ChunkFiltered Reader adding blank rows

Topics: User Forum
Jul 17, 2015 at 2:32 PM
Edited Jul 17, 2015 at 2:32 PM
I am using code found on another thread to configure and use the chunk filter to read a large Excel spreadsheet to insert into a MySQL database. I load the active sheet from the filtered read object into an array as follow to create an insert string for my query.
$sheetData = $objPHPExcel->getActiveSheet()->toArray(null,true,true,true); 
I am getting blank rows inserted into my array equal to the number of rows from 0 to my starting row number (modified by my chunk size).

Example:
Reading 20 rows, chunk size of 10, starting on row 6:
I get 6 blank rows ($startRow) followed by the 10 rows from the chunk.
This is followed by 16 blank rows ($startRow + $chunkSize) and then the 10 data rows from the chunk.

It seems to be buffering the data read with blank rows up to the point where the data begins each time, and for the life of me, I can't figure out why. It's probably something simple, but I can't see it.

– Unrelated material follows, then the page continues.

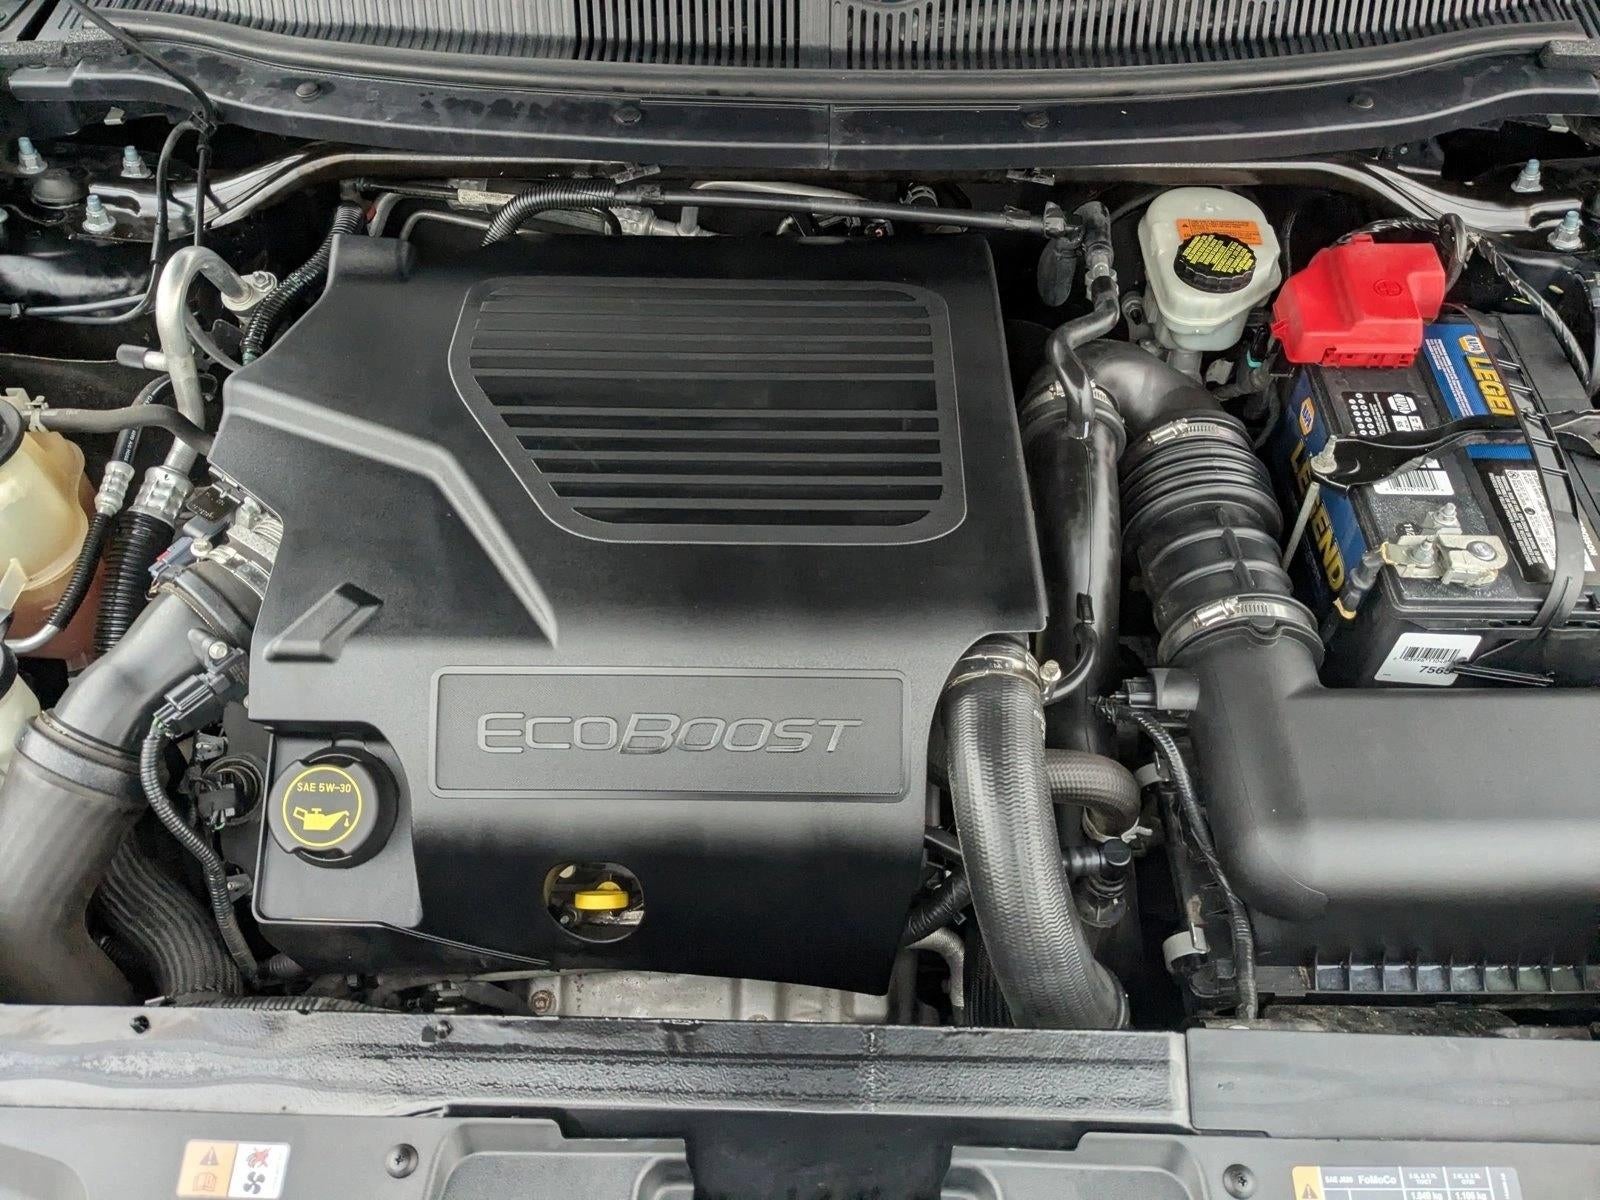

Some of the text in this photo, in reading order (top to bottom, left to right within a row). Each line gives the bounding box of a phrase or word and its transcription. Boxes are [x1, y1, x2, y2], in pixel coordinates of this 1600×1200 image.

[296, 781, 352, 793] SAE 5W-30
[1357, 1175, 1397, 1185] FoMoCo

This is complete code for the read section (with string processing omitted):
class chunkReadFilter implements PHPExcel_Reader_IReadFilter {
     private $_startrow = 0;
     private $_endrow = 0;
     
     public function setRows($startRow, $chunkSize){
          $this->_startrow = $startRow;
          $this->_endrow = $startRow + $chunkSize;
     }
     
     public function readCell($column, $row, $worksheetName = ''){
          if(($row >= $this->_startrow && $row < $this->_endrow)){
               return TRUE;
          }
          
          return FALSE;
     }
}

$objReader = PHPExcel_IOFactory::createReader($inputFileType);
$chunkSize = 10;
$chunkFilter = new chunkReadFilter();
$objReader->setReadFilter($chunkFilter);

for ($startRow = 6; $startRow <= 20; $startRow += $chunkSize){
     $chunkFilter->setRows($startRow, $chunkSize);
     $objPHPExcel = $objReader->load($inputFileName);
     
     $sheetData = $objPHPExcel->getActiveSheet()->toArray(null,true,true,true);     
     
     foreach ($sheetData as $row=>$values){
         // Process string creation here
     }
     $objPHPExcel->disconnectWorksheets();
     unset($objPHPExcel);
     
   
}
Coordinator
Jul 17, 2015 at 2:47 PM
Yes, that's right.

Row 17 is still row 17 whether you read the whole worksheet or a chunk... chunk reading is about specifying which cells get populated with data, and reading in chunks does exactly that, it doesn't automagically change row numbers so that every new chunk starts from row 1, because that would break many spreadsheets; chunks always retain their correct row number..... it's up to your code to keep track of start row, and process only those rows that actually contain data
Jul 17, 2015 at 5:34 PM
Edited Jul 17, 2015 at 5:56 PM
So, since the row number is retained, I should be able to use the start row inside the foreach loop to only read parts of the array starting after the current start row?

Example:
Use something like if ($row >= $startRow) {  /*do X*/ }
What is there to keep my reads from becoming unwieldy? At some point, I may have thousands of blank rows at the beginning of my array?

I thought the premise of the chunk filter was to instruct the reader to only return the specified number of rows from the sheet it was reading. If that is the case, where are the empty rows coming from?